[Opening Data to process section]
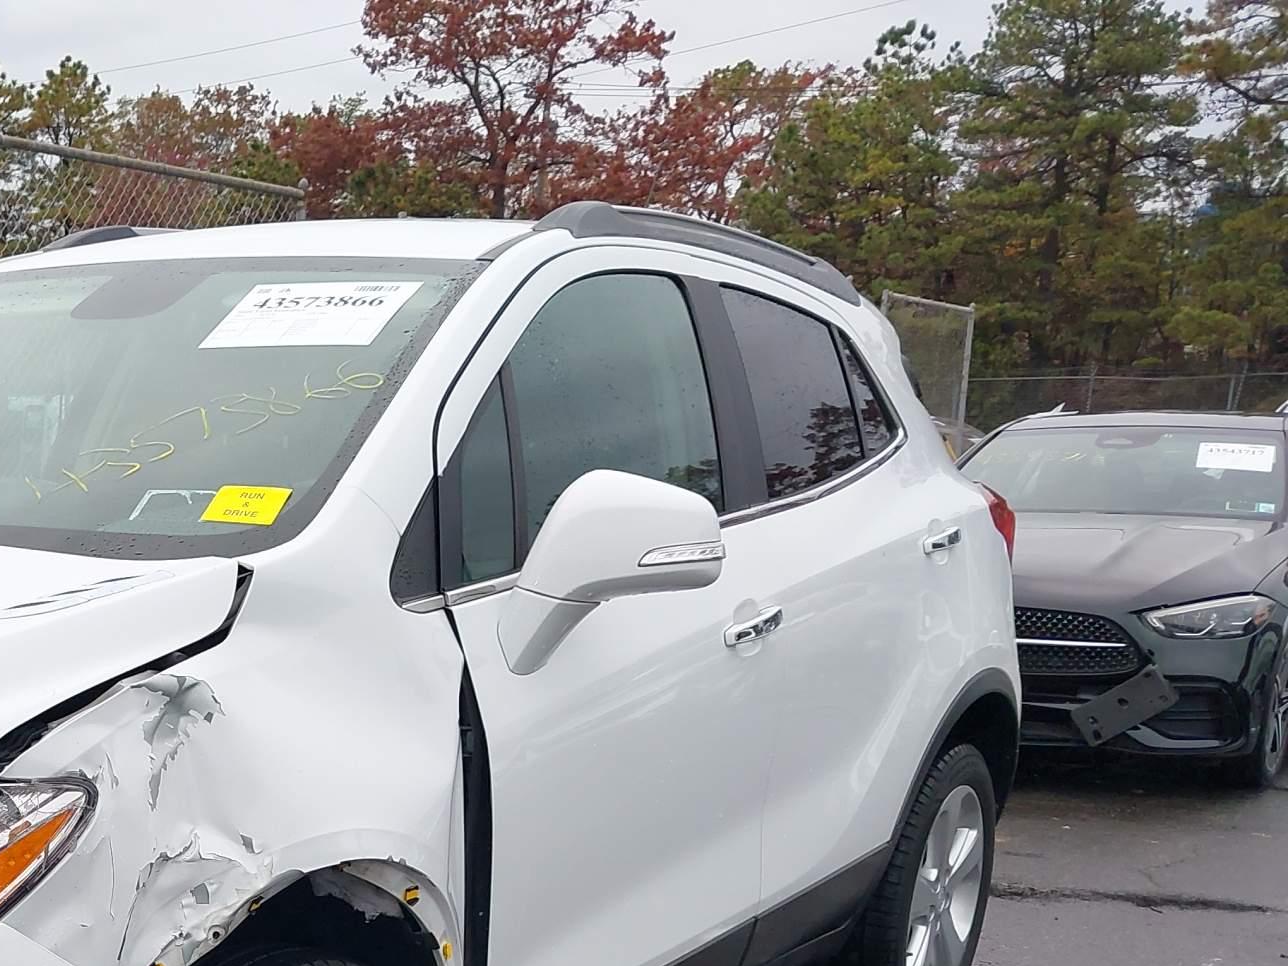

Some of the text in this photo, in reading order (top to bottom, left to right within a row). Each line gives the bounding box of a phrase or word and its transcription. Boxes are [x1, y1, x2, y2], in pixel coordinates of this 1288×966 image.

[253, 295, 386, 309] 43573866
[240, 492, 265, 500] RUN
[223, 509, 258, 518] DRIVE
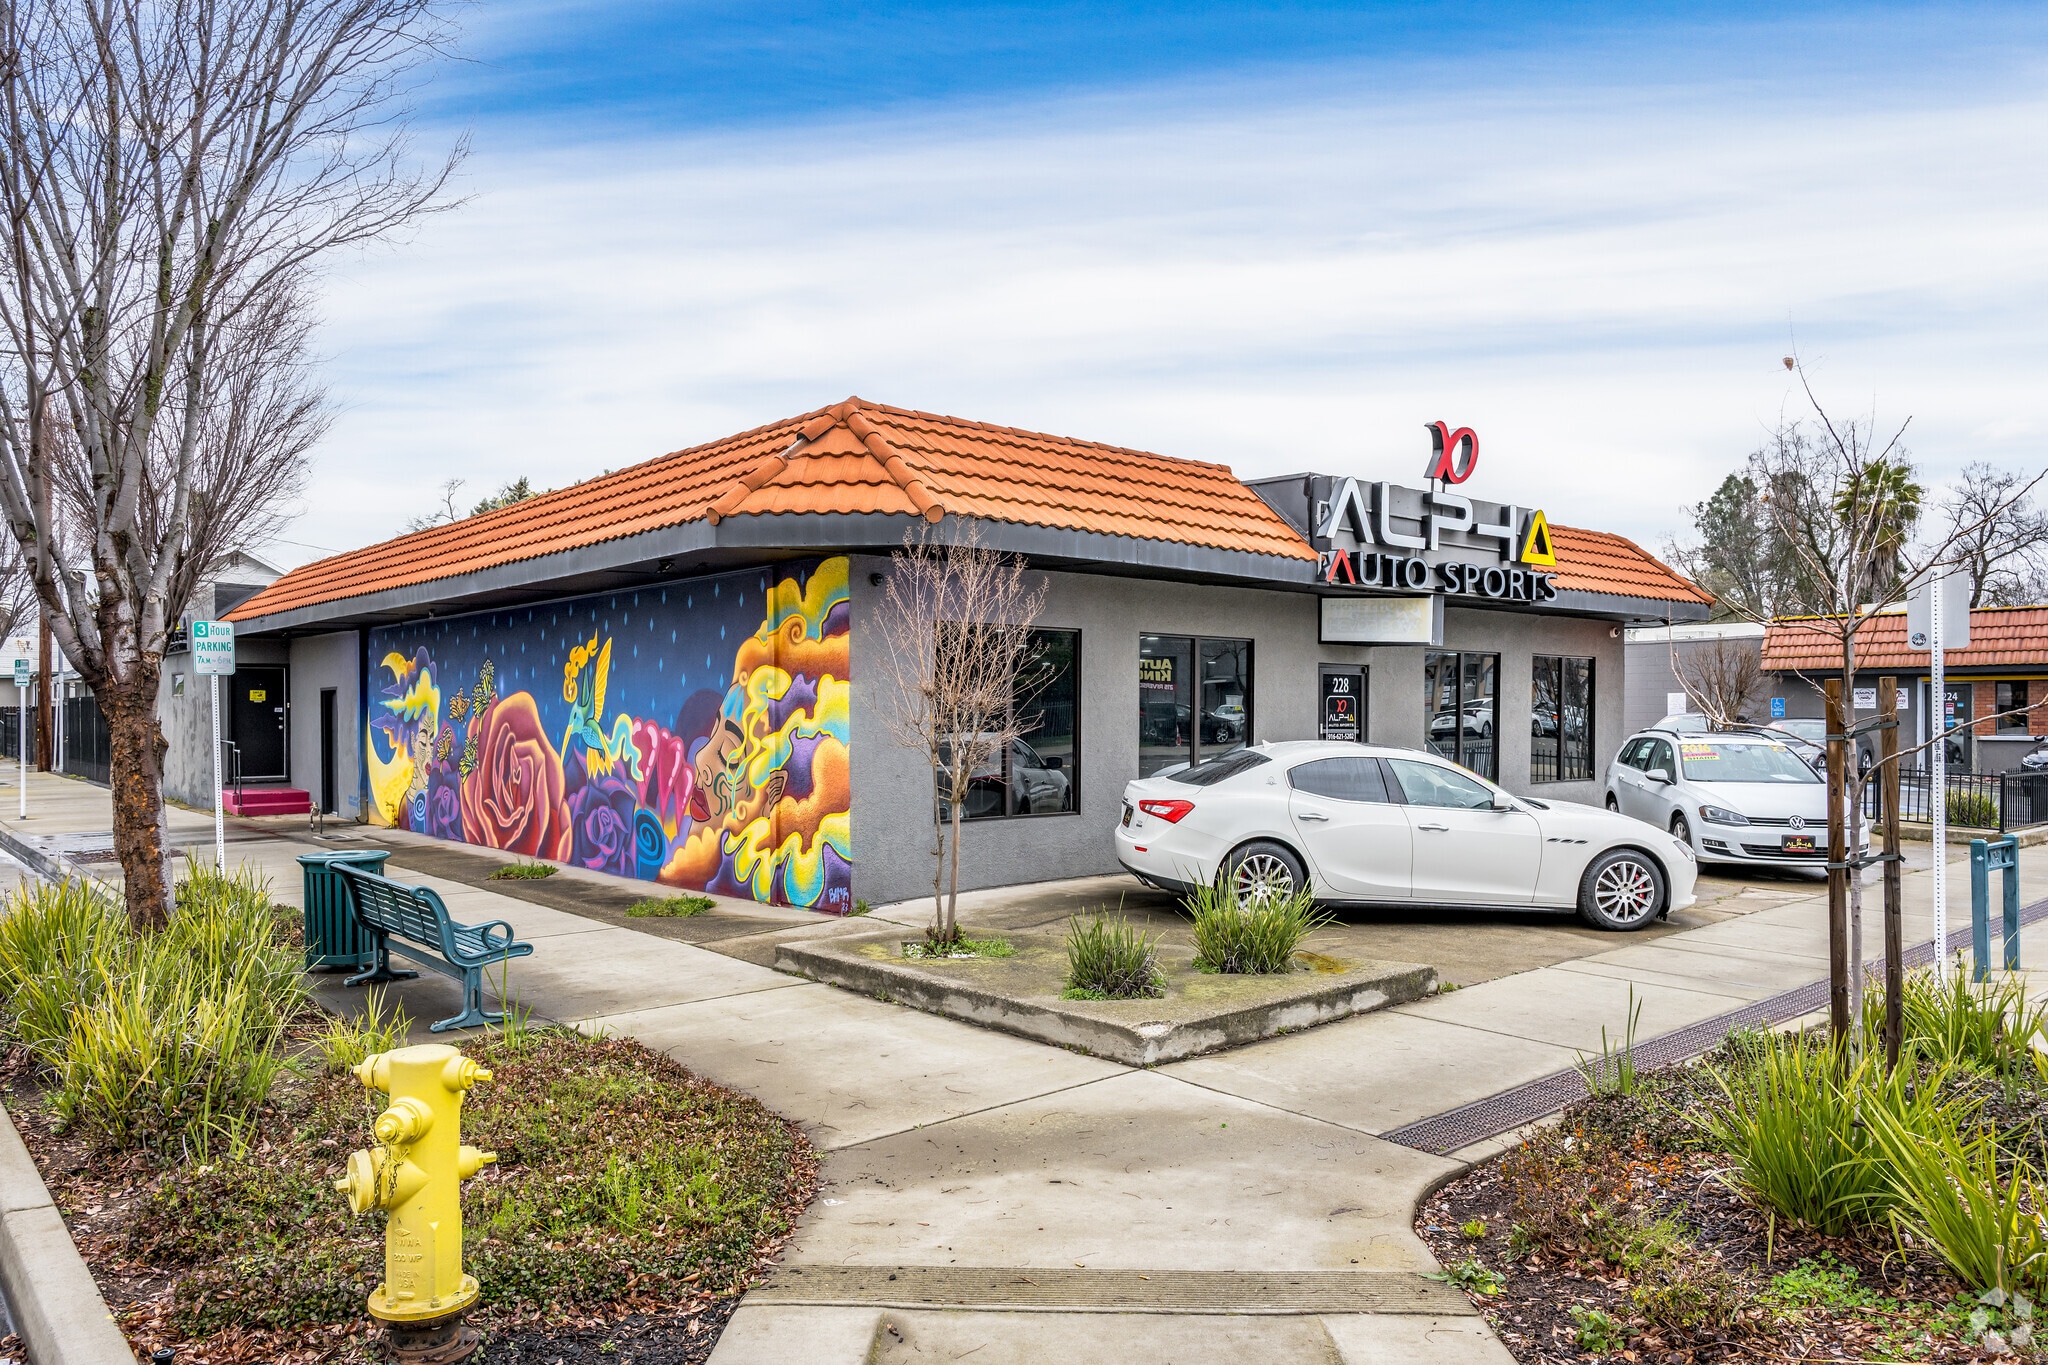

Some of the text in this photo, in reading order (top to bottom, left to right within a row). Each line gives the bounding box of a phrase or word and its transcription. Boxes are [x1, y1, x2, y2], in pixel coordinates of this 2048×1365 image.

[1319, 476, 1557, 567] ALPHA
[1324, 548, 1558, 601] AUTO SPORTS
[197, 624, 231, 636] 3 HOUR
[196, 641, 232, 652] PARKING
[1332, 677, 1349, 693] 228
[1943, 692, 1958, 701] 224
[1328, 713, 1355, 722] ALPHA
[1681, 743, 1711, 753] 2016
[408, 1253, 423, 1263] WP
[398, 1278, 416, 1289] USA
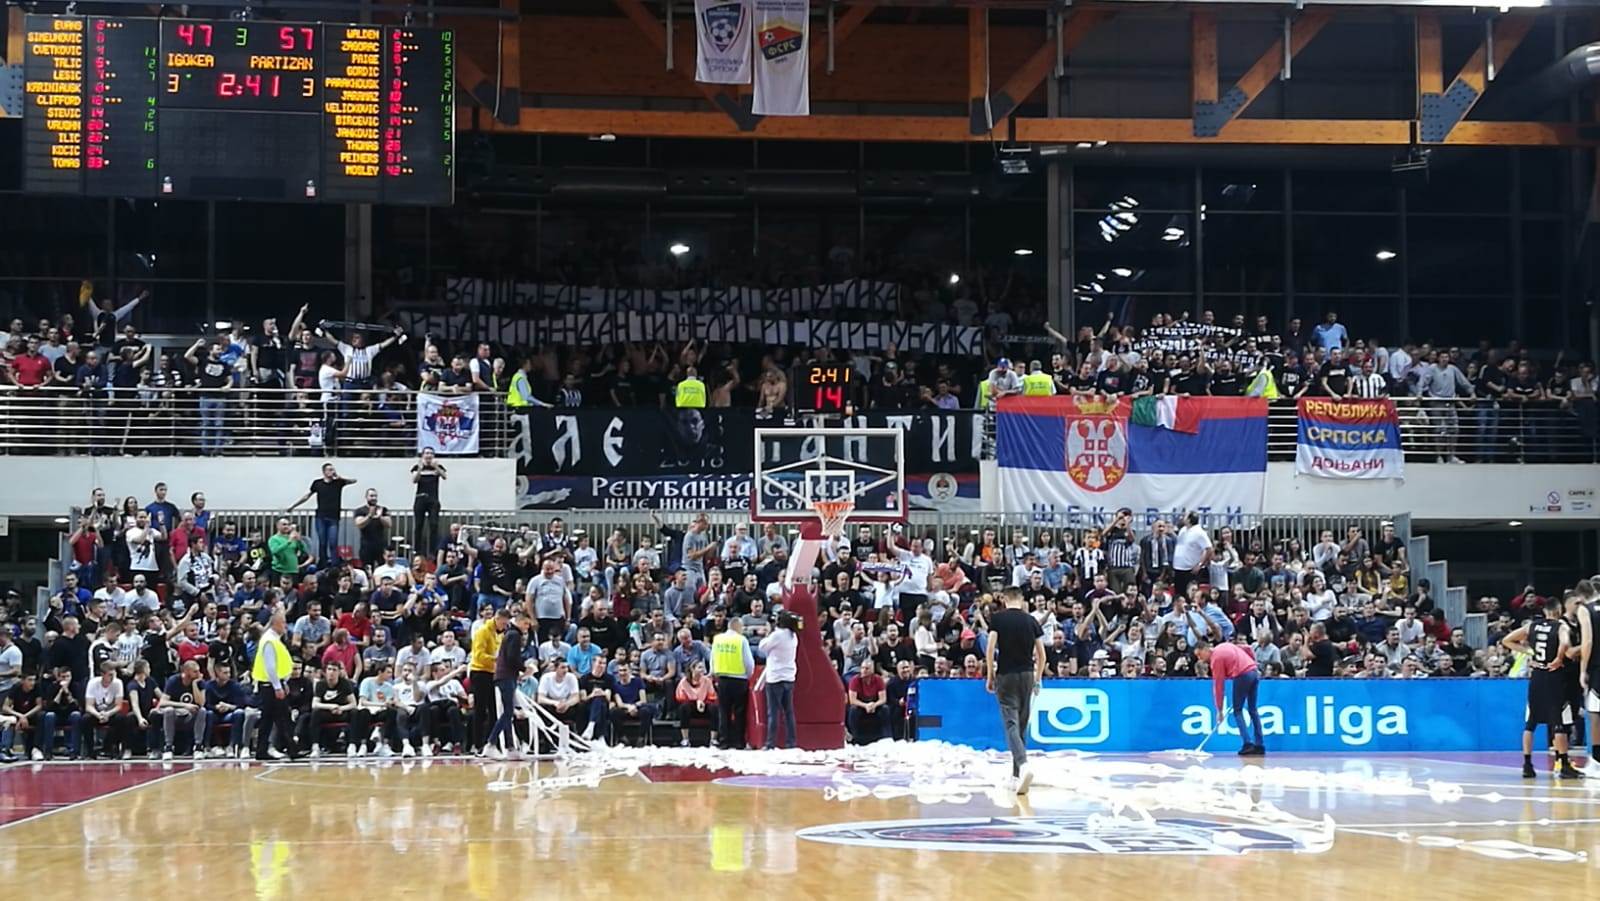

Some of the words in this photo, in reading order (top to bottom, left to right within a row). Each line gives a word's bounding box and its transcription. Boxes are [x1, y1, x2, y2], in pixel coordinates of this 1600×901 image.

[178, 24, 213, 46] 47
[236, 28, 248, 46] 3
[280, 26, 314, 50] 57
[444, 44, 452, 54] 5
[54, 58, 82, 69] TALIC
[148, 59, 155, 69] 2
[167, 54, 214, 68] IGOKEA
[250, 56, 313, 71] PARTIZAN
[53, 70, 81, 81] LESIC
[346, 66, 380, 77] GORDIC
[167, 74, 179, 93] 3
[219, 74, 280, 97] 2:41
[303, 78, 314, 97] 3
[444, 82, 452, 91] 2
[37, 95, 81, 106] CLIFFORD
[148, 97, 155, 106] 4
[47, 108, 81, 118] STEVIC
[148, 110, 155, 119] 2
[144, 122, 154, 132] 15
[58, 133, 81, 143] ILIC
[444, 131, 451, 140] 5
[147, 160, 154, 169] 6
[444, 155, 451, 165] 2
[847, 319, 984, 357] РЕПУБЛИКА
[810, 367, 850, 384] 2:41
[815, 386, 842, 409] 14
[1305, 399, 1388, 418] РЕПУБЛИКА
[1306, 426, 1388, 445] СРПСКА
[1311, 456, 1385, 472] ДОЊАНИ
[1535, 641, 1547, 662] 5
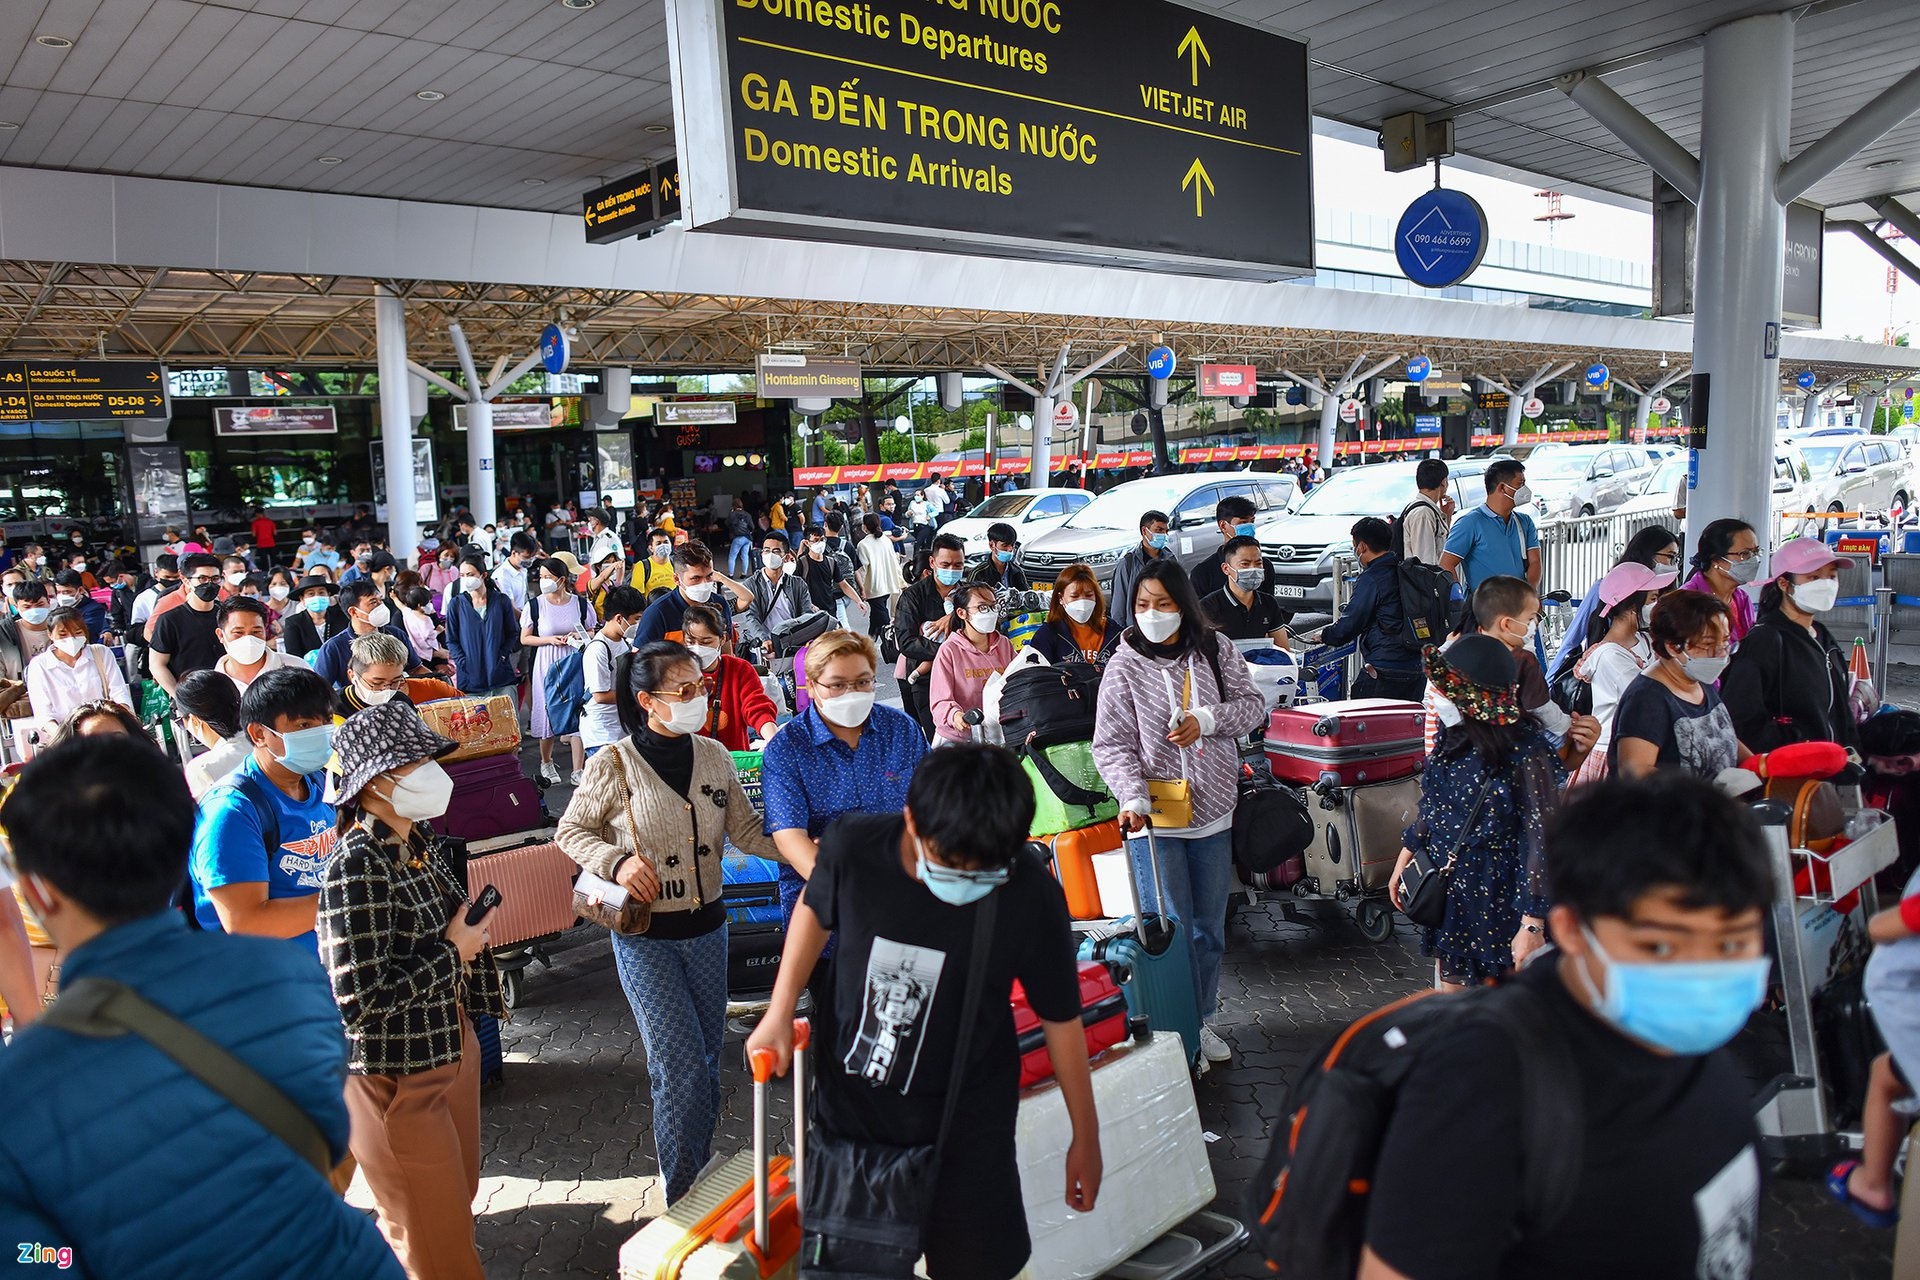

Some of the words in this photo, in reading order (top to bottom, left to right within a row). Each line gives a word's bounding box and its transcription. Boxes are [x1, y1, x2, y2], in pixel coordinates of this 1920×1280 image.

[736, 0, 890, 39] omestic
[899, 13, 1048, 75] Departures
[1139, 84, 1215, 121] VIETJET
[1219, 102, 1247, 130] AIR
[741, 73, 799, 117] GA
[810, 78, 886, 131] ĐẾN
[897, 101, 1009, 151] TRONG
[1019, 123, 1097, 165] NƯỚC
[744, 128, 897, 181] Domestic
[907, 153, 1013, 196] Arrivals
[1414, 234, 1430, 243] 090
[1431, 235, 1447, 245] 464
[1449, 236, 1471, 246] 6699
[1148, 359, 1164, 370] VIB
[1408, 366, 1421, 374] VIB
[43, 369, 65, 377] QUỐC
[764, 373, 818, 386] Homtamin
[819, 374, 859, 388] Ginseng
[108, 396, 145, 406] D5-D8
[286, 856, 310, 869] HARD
[Closing Data to process section]
**Exercise aim:**
The entries above must be output exactly, with every image left out.

**Your response:**
Some of the text in this photo, in reading order (top to bottom, left to right within a row). Each line gives the bounding box of a phrase or word and its transcription. Boxes are [x1, y1, x2, y2], in pixel coordinates of this 1288×966 image.

[253, 295, 386, 309] 43573866
[240, 492, 265, 500] RUN
[223, 509, 258, 518] DRIVE

Some of the text in this photo, in reading order (top to bottom, left to right within a row). Each line gives the bounding box of a phrase or word and its transcription. Boxes are [x1, y1, x2, y2], in pixel coordinates of this 2048×1365 image.

[1319, 476, 1557, 567] ALPHA
[1324, 548, 1558, 601] AUTO SPORTS
[197, 624, 231, 636] 3 HOUR
[196, 641, 232, 652] PARKING
[1332, 677, 1349, 693] 228
[1943, 692, 1958, 701] 224
[1328, 713, 1355, 722] ALPHA
[1681, 743, 1711, 753] 2016
[408, 1253, 423, 1263] WP
[398, 1278, 416, 1289] USA

Some of the words in this photo, in reading order (top to bottom, left to right within a row). Each line gives a word's bounding box and its transcription. Boxes are [x1, y1, x2, y2], in pixel coordinates of this 1600×901 image.

[178, 24, 213, 46] 47
[236, 28, 248, 46] 3
[280, 26, 314, 50] 57
[444, 44, 452, 54] 5
[54, 58, 82, 69] TALIC
[148, 59, 155, 69] 2
[167, 54, 214, 68] IGOKEA
[250, 56, 313, 71] PARTIZAN
[53, 70, 81, 81] LESIC
[346, 66, 380, 77] GORDIC
[167, 74, 179, 93] 3
[219, 74, 280, 97] 2:41
[303, 78, 314, 97] 3
[444, 82, 452, 91] 2
[37, 95, 81, 106] CLIFFORD
[148, 97, 155, 106] 4
[47, 108, 81, 118] STEVIC
[148, 110, 155, 119] 2
[144, 122, 154, 132] 15
[58, 133, 81, 143] ILIC
[444, 131, 451, 140] 5
[147, 160, 154, 169] 6
[444, 155, 451, 165] 2
[847, 319, 984, 357] РЕПУБЛИКА
[810, 367, 850, 384] 2:41
[815, 386, 842, 409] 14
[1305, 399, 1388, 418] РЕПУБЛИКА
[1306, 426, 1388, 445] СРПСКА
[1311, 456, 1385, 472] ДОЊАНИ
[1535, 641, 1547, 662] 5

Some of the words in this photo, in reading order (top to bottom, left to right within a row). Each line gives a word's bounding box and its transcription. Boxes are [x1, y1, x2, y2], in pixel coordinates of this 1920×1280 image.

[736, 0, 890, 39] omestic
[899, 13, 1048, 75] Departures
[1139, 84, 1215, 121] VIETJET
[1219, 102, 1247, 130] AIR
[741, 73, 799, 117] GA
[810, 78, 886, 131] ĐẾN
[897, 101, 1009, 151] TRONG
[1019, 123, 1097, 165] NƯỚC
[744, 128, 897, 181] Domestic
[907, 153, 1013, 196] Arrivals
[1414, 234, 1430, 243] 090
[1431, 235, 1447, 245] 464
[1449, 236, 1471, 246] 6699
[1148, 359, 1164, 370] VIB
[1408, 366, 1421, 374] VIB
[43, 369, 65, 377] QUỐC
[764, 373, 818, 386] Homtamin
[819, 374, 859, 388] Ginseng
[108, 396, 145, 406] D5-D8
[286, 856, 310, 869] HARD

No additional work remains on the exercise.